Daring dad's to abseil tower for fundraising challenge

A former pupil of Chichester High for Boys has thanked a team of medics who saved his baby boy by taking on an abseiling challenge

Monday, 19th June 2017, 5:19 pm
Updated Friday, 8th June 2018, 3:13 am

Daring dad Steven Hale, who lived in Kensington Road, Chichester, for 20 years, is set to descend down one of Portsmouth’s tallest buildings.

The 40 year old, who now lives in, Hilsea is set to abseil down Spinnaker Tower to raise cash for Southampton hospital’s specialised paediatric intensive care unit.

Doctors and nurses from the unit were instrumental in saving the life of his little lad Austin almost a year ago.

The tiny tot was barely a day old when he was rushed from Queen Alexandra Hospital to Southampton in need of an emergency operation to fix his weakened heart.

Brave Austin endured a total of 20 hours in theatre over just two days before spending the next couple of weeks in the PICU.

Since then he has had two further open heart surgeries, his last just a couple of weeks ago.

Steven said: “They were absolutely fantastic. They got us through the hardest time of our lives.

“It’s incredible what they do there and the costs of everything is phenomenal”.

So far, Steven has raised £1,750 for the hospital. But he hopes with the public’s support, he can reach £2,500.

His abseil down the 100m structure is on July 2 – five days before Austin’s first birthday.

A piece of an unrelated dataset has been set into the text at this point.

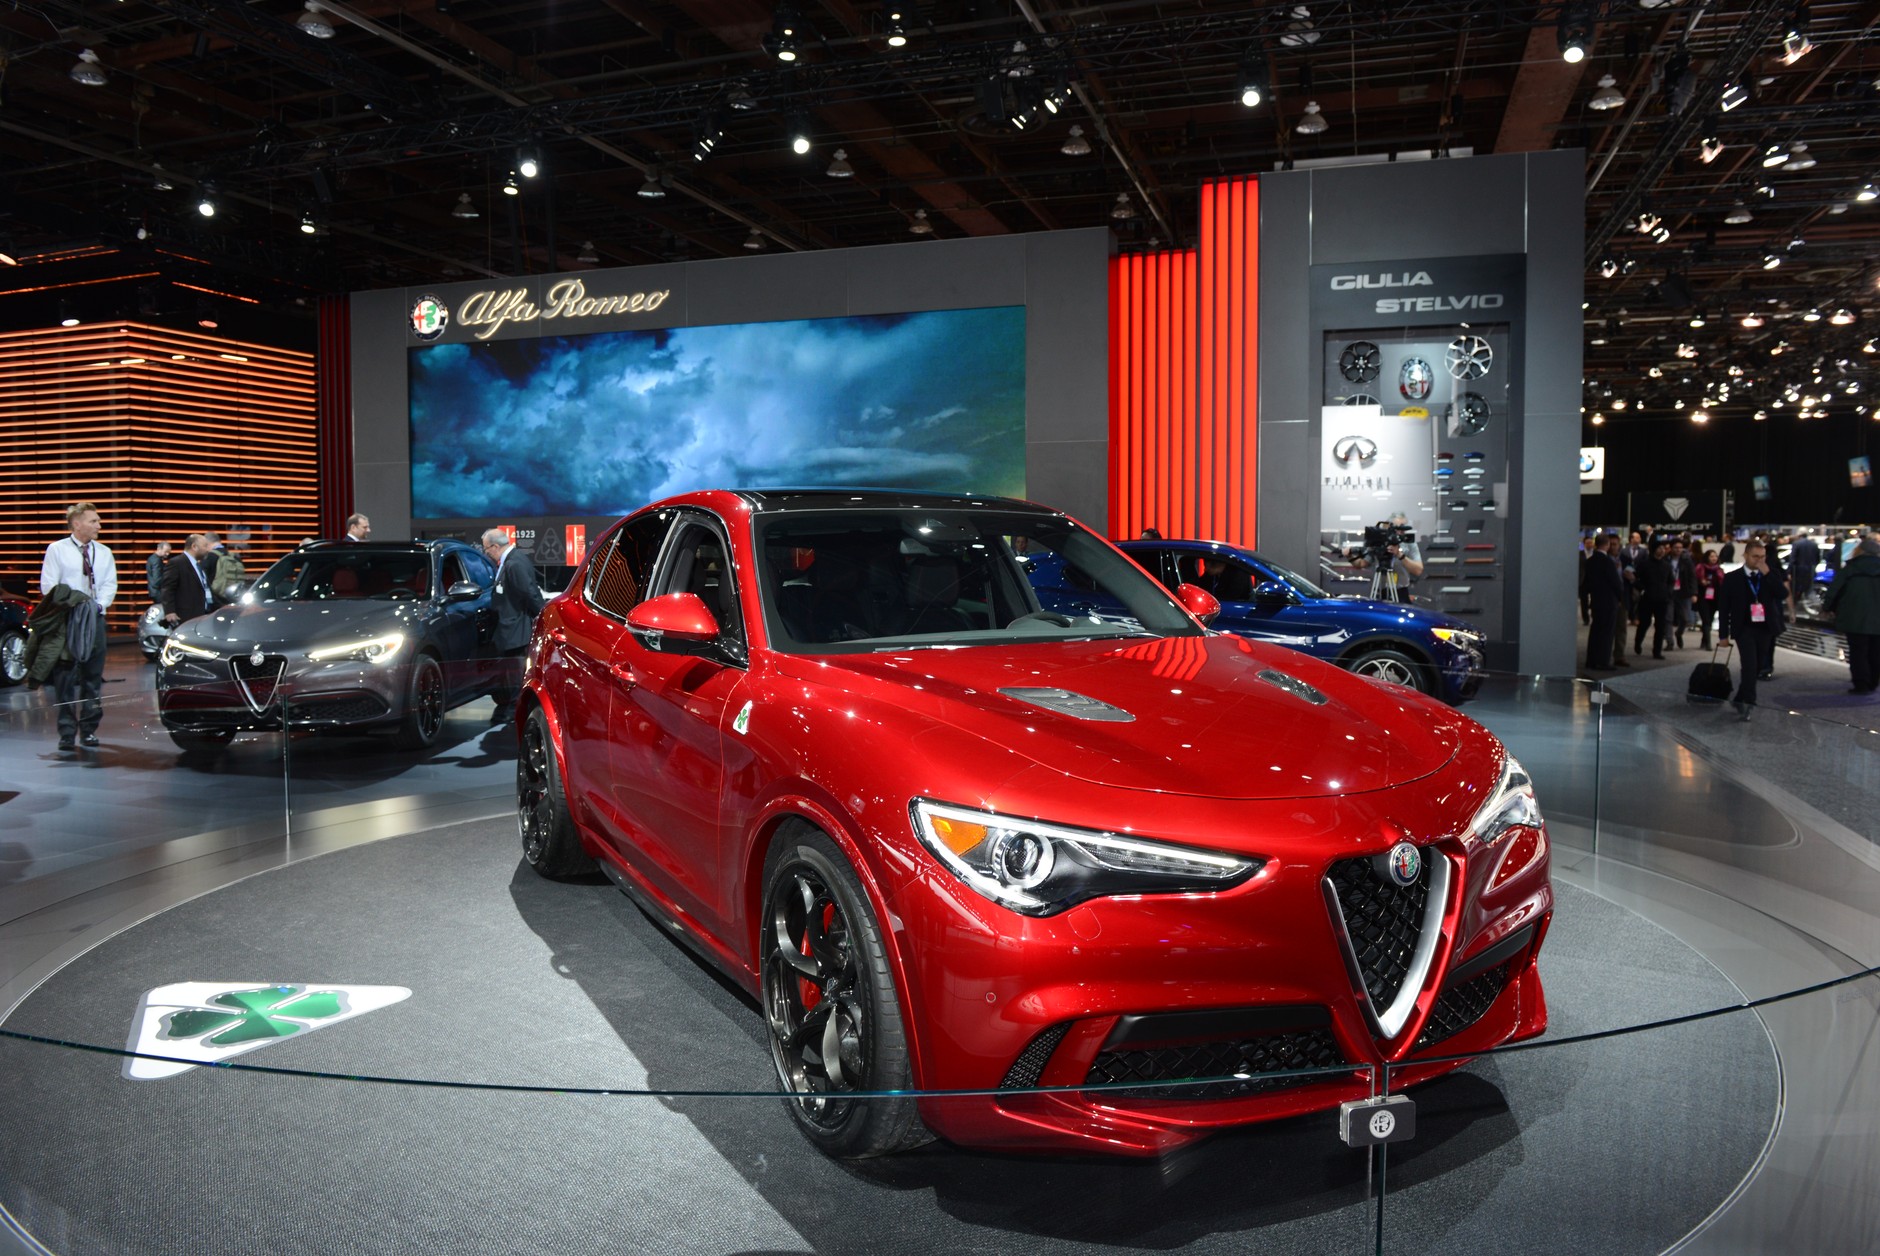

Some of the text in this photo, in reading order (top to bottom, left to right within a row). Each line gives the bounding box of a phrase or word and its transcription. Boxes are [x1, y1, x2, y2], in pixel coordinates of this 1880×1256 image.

He will be tackling the challenge with five of his friends, Courtney Channon, of Marchwood, Michael Buckley, of Havant, Paul Lang, of Hedge End, John West and Dave Bachelor, both of Portsmouth.

Steven added that he was ‘nervous and excited’ about the charity fundraiser.

He said: “Every time I drive into the city and see the Spinnaker Tower I think, “Bloody hell, what am I doing?!”. I must be crazy”.

Austin suffers from a heart defect which will need long-term treatment. Steven, who will be cheered on by his partner Alison Clark, 29, added his son would be in and out of hospital every six months.

He said: “He is genuinely one of the happiest smiley little babies you will ever see”.

PICU is south’s leading intensive care unit. It has 14 purpose-built beds and cares for children from birth up to 18.

It looks after about 1,000 young critically-ill young people every year and is the sixth busiest PICU in the UK.

To donate to Steven’s effort, see mydonate.bt.com/fundraisers/austinhale17.